The case studies above span pharmacy, nursing, law, and education design, but they represent a fraction of the disciplines now incorporating immersive learning. Certain fields have moved particularly fast.
This is the most mature and evidence-rich area of VR adoption in higher education. The combination of high-stakes practice, limited clinical placement capacity, and the need for repeated, standardized simulation makes VR a near-ideal fit. Universities across the UK and US have moved from single pilot schemes to institution-wide integration, and the evidence base for improved outcomes is strong. Research consistently shows that VR simulation for healthcare is more effective than traditional clinical education for improving knowledge, clinical judgment, and competency.
Advocacy, mooting, and courtroom procedure are all experiential skills that are difficult to teach through text or video alone. VR offers law students the ability to inhabit formal proceedings, which matters because the psychological experience of being in a courtroom is itself part of what they need to learn. The Open University’s virtual courtroom is an early but credible example, and interest is growing in using similar environments for police interview training and tribunal simulations.
Laboratory equipment is expensive, takes up physical space, and often carries health and safety implications for untrained users. VR allows universities to give students repeated, consequence-free access to complex equipment before they ever touch the physical version. UCL’s experience with HPLC training is a clear example, and similar approaches are being used across chemistry, engineering, and biomedical science departments worldwide.
Several business schools, including UC Irvine’s Paul Merage School of Business, have created full digital twin metaversity campuses in partnership with platforms like VictoryXR, allowing students to collaborate and present work in immersive environments. In design disciplines, VR is both a subject of study and a production tool, with programs increasingly expecting students to understand extended reality as part of their professional skill set.

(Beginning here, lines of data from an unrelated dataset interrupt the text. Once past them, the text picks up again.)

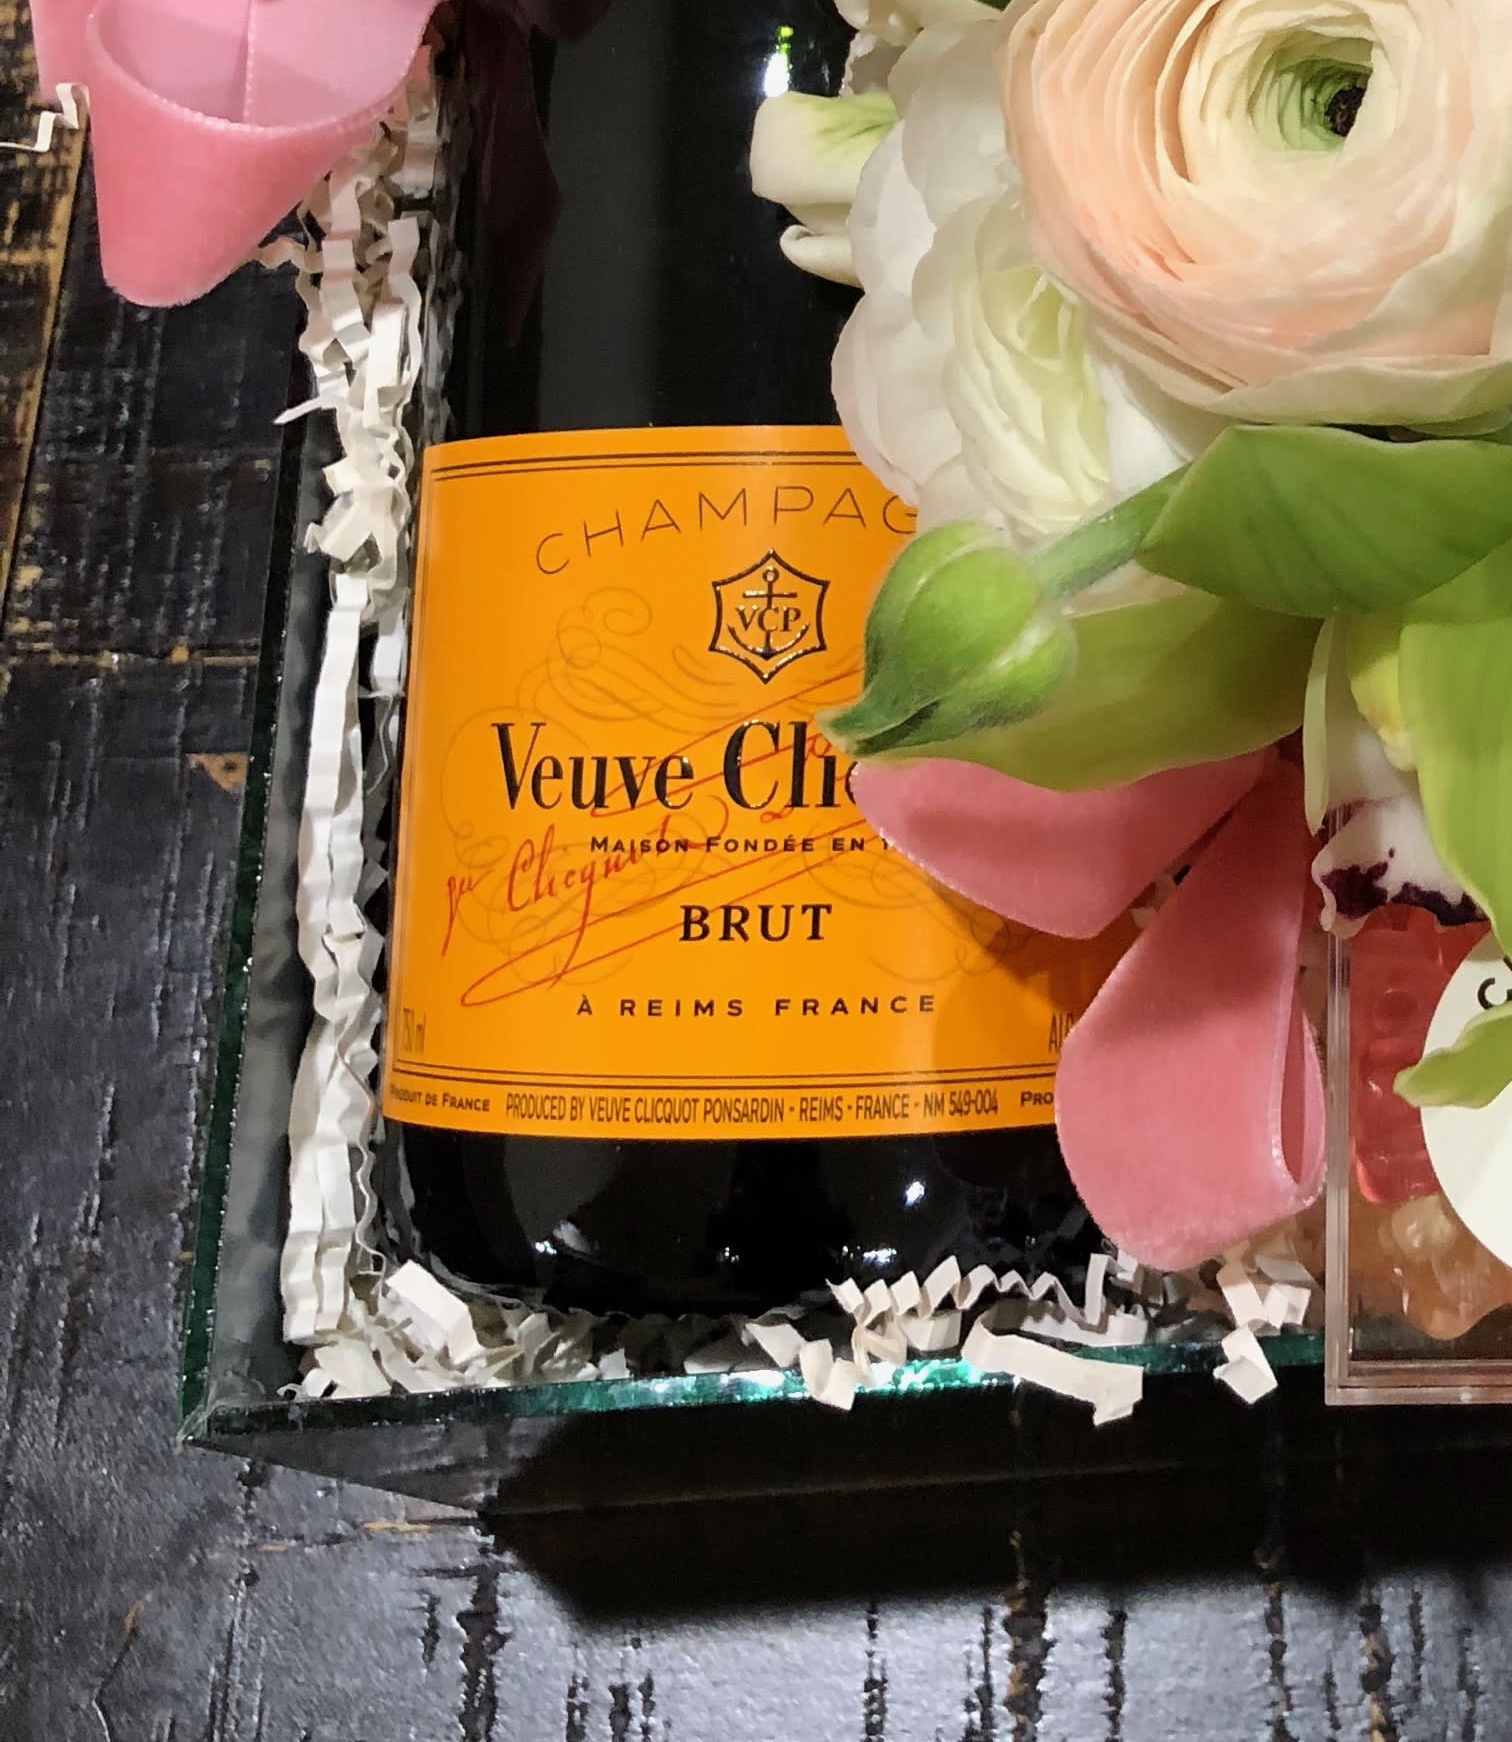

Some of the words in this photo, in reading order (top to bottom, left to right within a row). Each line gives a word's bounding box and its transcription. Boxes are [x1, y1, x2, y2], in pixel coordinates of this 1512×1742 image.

[735, 605, 802, 633] VCP
[490, 721, 696, 811] Veuve
[590, 835, 689, 853] MAISON
[705, 833, 816, 853] FONDÉE
[832, 837, 866, 852] EN
[679, 903, 833, 944] BRUT
[577, 994, 594, 1016] À
[619, 998, 744, 1018] REIMS
[774, 994, 936, 1017] FRANCE
[441, 1091, 491, 1113] FRANCE
[505, 1092, 567, 1122] PRODUCED
[570, 1094, 586, 1122] BY
[588, 1096, 631, 1123] VEUVE
[634, 1097, 700, 1125] CLICQUOT
[703, 1097, 785, 1124] PONSARDIN
[799, 1095, 844, 1123] REIMS
[855, 1093, 910, 1120] FRANCE
[923, 1092, 945, 1118] NM
[947, 1089, 999, 1116] 549-004

Adoption is earlier-stage here, but growing. VR is being used to place history students inside reconstructed environments, to support empathy-based learning in social work and counseling programs, and to facilitate immersive fieldwork substitutes in geography and anthropology. The research into VR as an “empathy machine” has attracted particular interest from educators working in areas where perspective-taking is a core learning objective.
Taken together, the examples above point to a few consistent themes in how VR is being used in higher education.

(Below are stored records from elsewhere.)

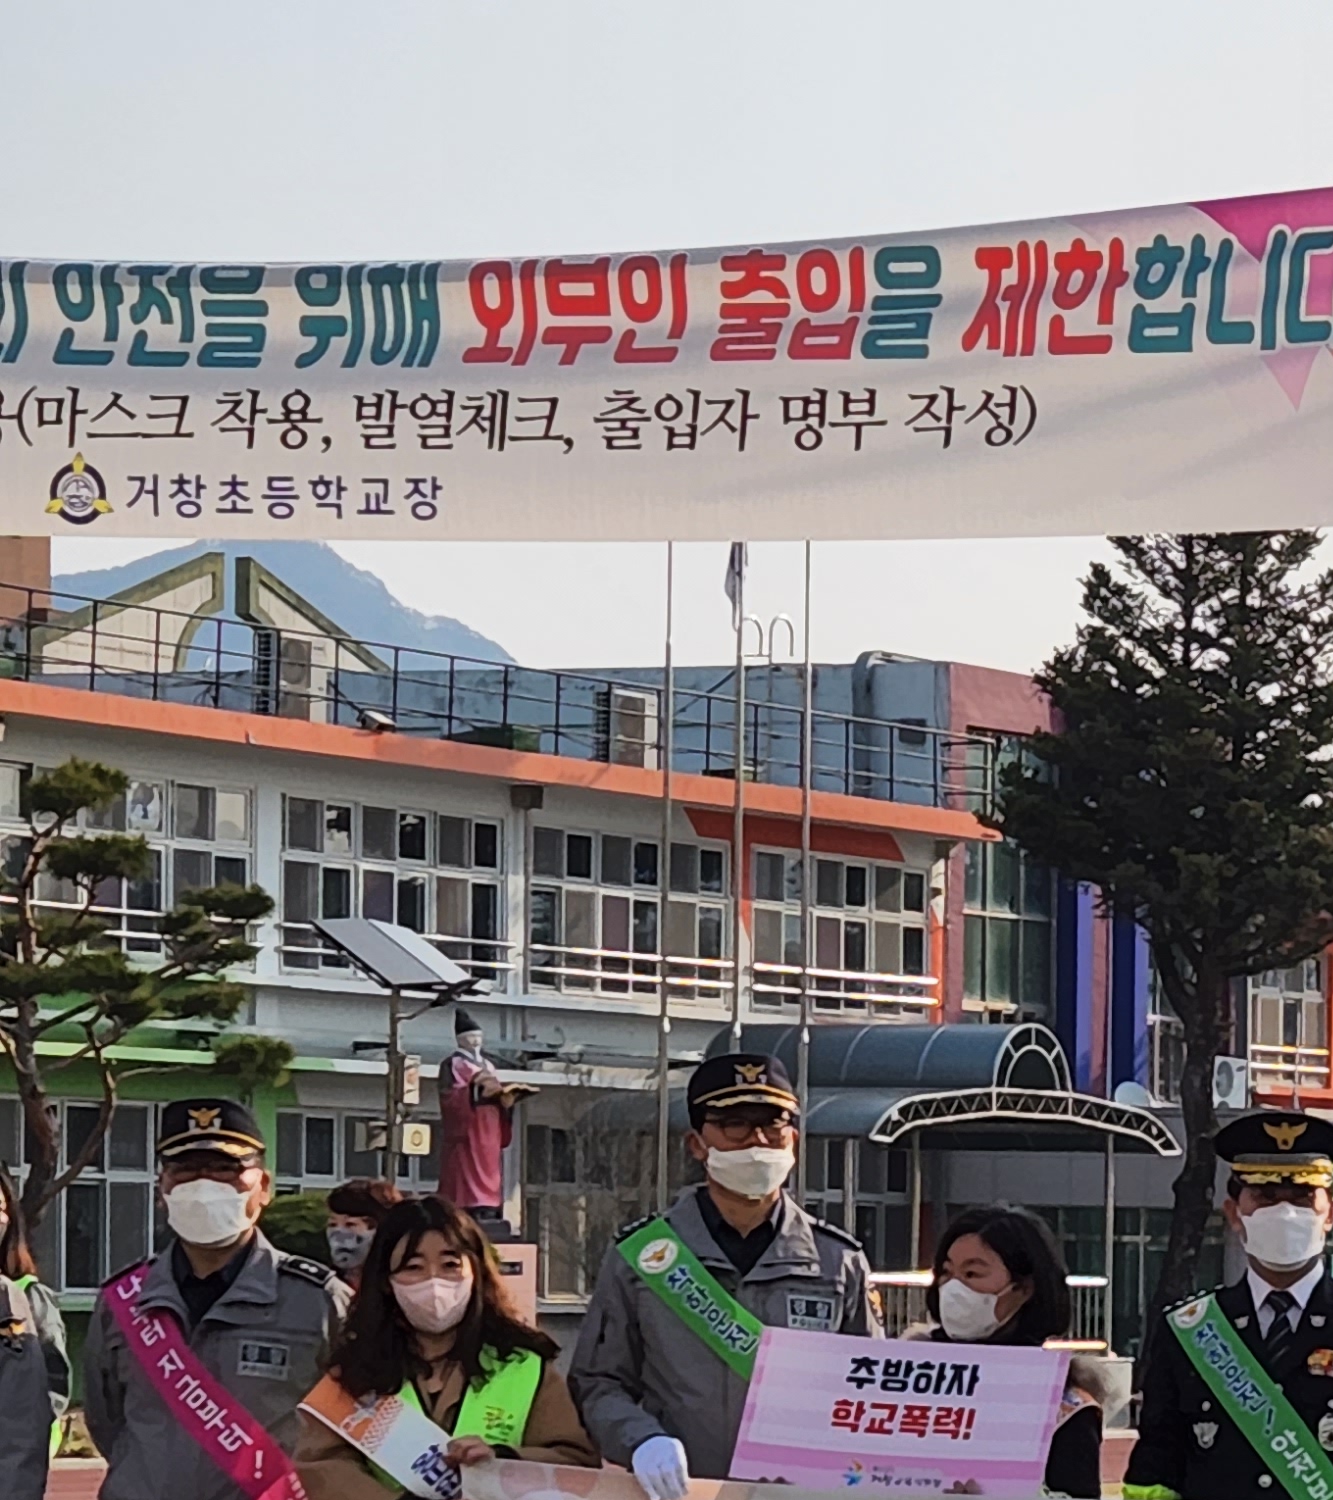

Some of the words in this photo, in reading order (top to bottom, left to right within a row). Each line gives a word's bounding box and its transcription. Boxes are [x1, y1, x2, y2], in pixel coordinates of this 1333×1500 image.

[52, 262, 268, 370] 안전을
[294, 261, 442, 370] 위해
[462, 253, 690, 367] 외부인
[709, 243, 943, 366] 출입을
[0, 384, 196, 449] (마스크
[209, 387, 333, 453] 착용,
[354, 388, 575, 454] 발열체크,
[593, 387, 762, 453] 출입자
[779, 386, 888, 453] 명부
[904, 383, 1039, 450] 작성)
[126, 472, 444, 521] 거창초등학교장
[665, 1266, 758, 1353] 착한운전
[156, 1348, 254, 1453] 지금부터
[846, 1356, 980, 1397] 추방하자
[831, 1399, 977, 1441] 학교폭력!

The most effective deployments aren’t about novelty. UCL, UEL, the Open University, and Harvard aren’t using VR because it’s interesting. They’re using it because it solves specific problems: access barriers, placement shortages, the difficulty of teaching high-stakes procedural skills, and the limitations of video conferencing as a substitute for physical presence.

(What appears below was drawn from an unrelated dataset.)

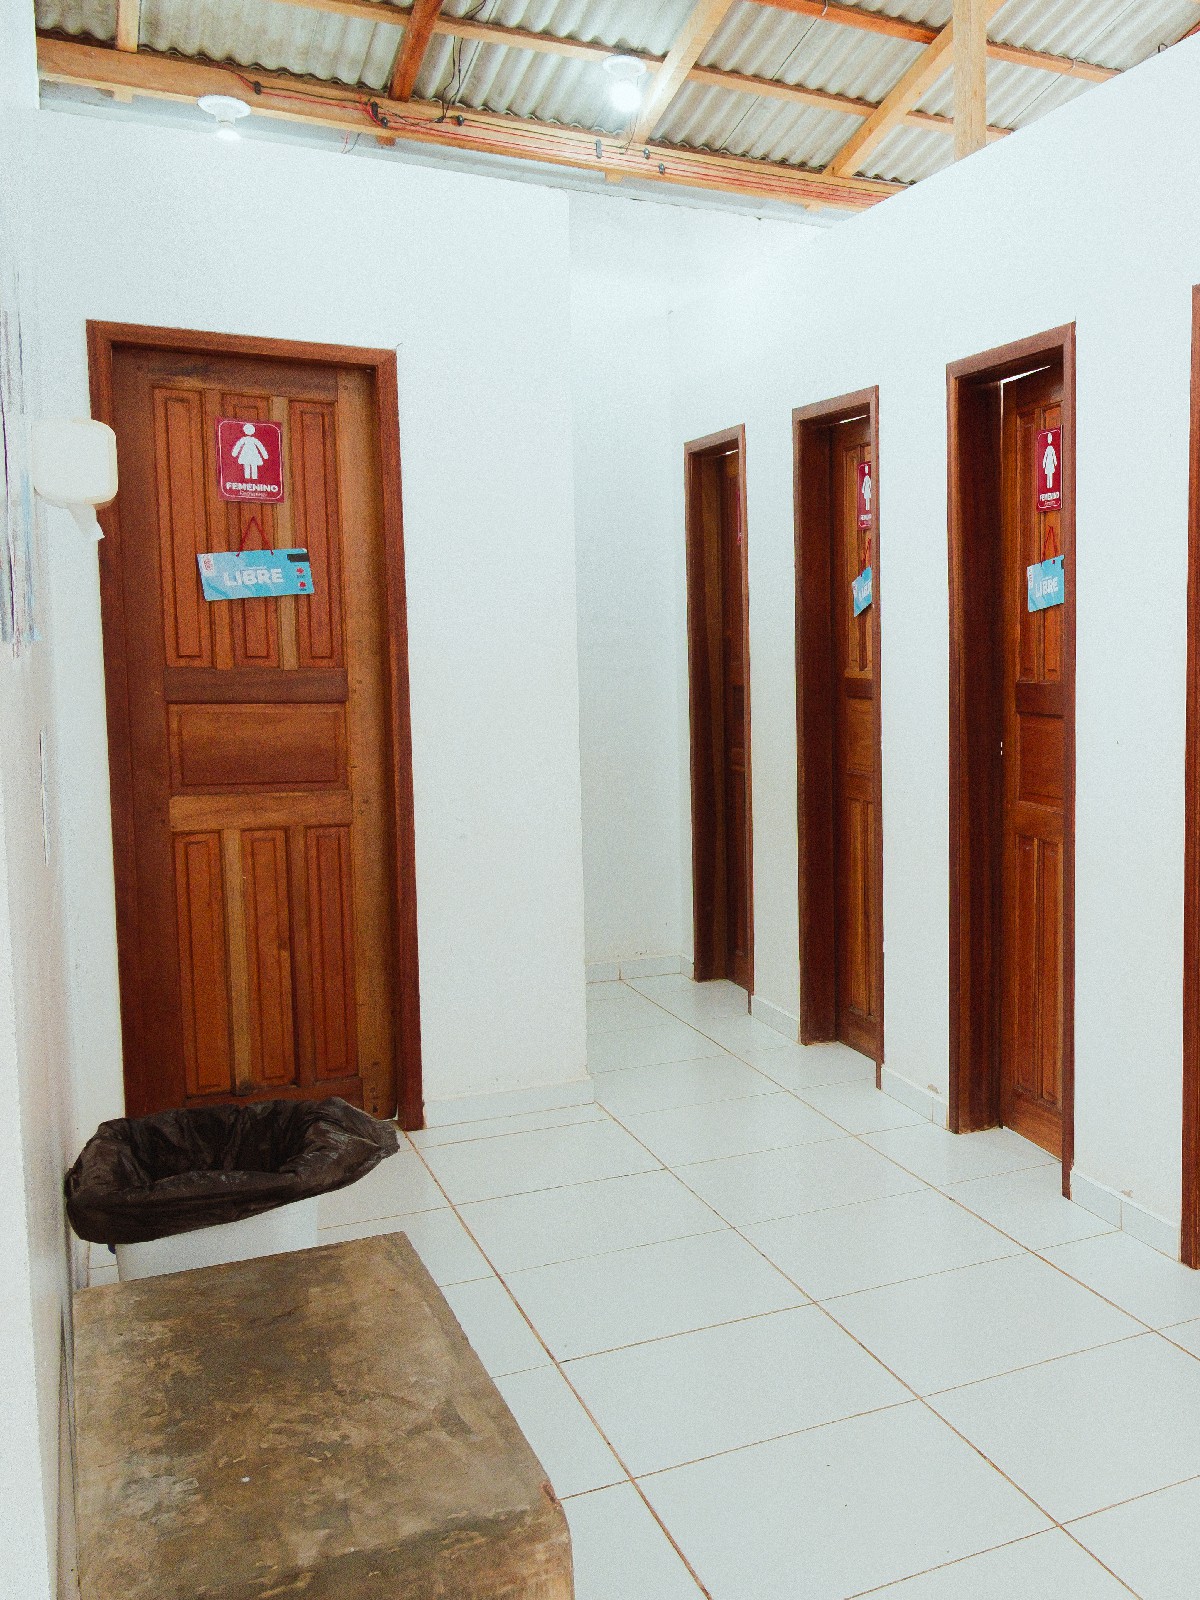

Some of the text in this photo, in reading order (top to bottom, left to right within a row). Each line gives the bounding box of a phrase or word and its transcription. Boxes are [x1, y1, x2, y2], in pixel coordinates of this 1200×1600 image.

Immersion changes the quality of the learning experience in ways that matter. Students report that VR environments feel more formal, more engaging, and more transferable to real-world practice than screen-based alternatives. When a nursing student makes a medication decision in a VR scenario, the stakes feel real enough to produce genuine learning. That psychological dimension is difficult to replicate through any other digital medium.
And the trajectory is clearly upward. As hardware becomes more accessible, platforms more flexible, and the evidence base stronger, VR in higher education is shifting from an experimental add-on to a standard component of how universities design learning at scale.
For anyone working in learning and development, training design, or health and safety education, that’s worth paying attention to.